ACTION ITEM >> All of the data that follows is to be printed exactly, without pictures.

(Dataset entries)
- Opening Delimiter -
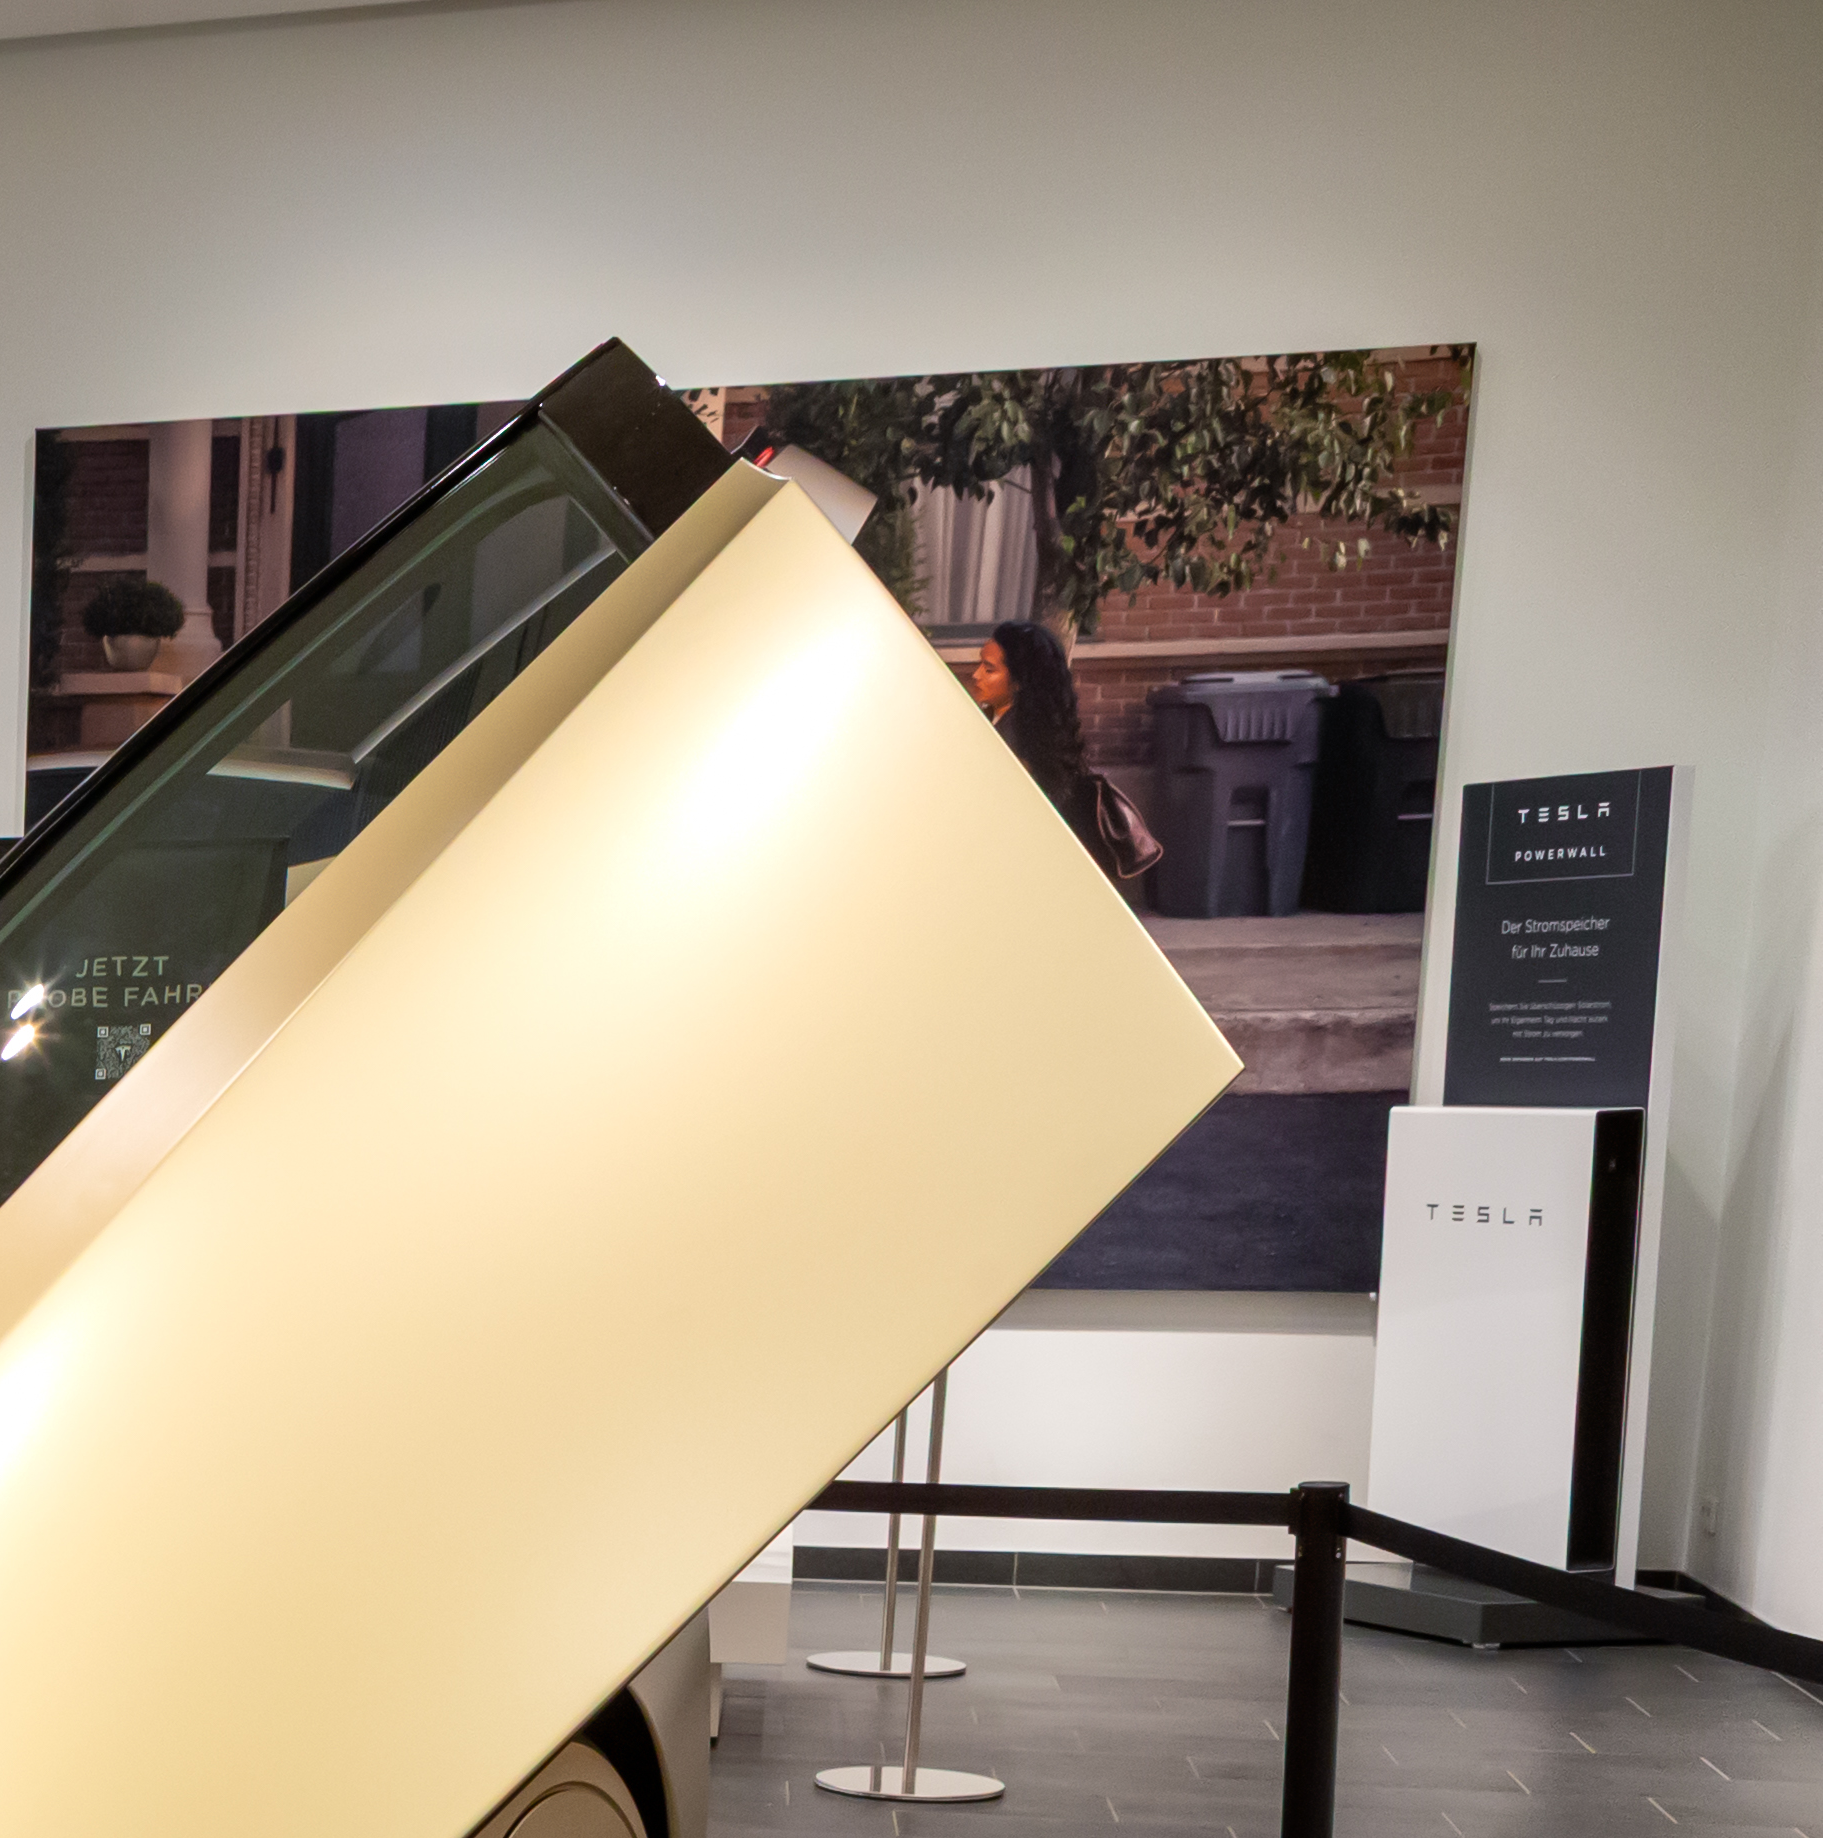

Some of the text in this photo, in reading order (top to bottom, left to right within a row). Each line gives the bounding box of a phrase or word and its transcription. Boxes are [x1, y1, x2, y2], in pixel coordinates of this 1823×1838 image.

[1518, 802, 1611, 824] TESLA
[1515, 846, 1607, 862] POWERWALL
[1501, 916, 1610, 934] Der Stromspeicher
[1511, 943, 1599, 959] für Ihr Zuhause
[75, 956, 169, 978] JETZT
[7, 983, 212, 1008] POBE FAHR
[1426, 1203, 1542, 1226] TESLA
- Closing Delimiter -
TASK OUTPUT >>
Some of the text in this photo, in reading order (top to bottom, left to right within a row). Each line gives the bounding box of a phrase or word and its transcription. Boxes are [x1, y1, x2, y2], in pixel coordinates of this 1823×1838 image.

[1518, 802, 1611, 824] TESLA
[1515, 846, 1607, 862] POWERWALL
[1501, 916, 1610, 934] Der Stromspeicher
[1511, 943, 1599, 959] für Ihr Zuhause
[75, 956, 169, 978] JETZT
[7, 983, 212, 1008] POBE FAHR
[1426, 1203, 1542, 1226] TESLA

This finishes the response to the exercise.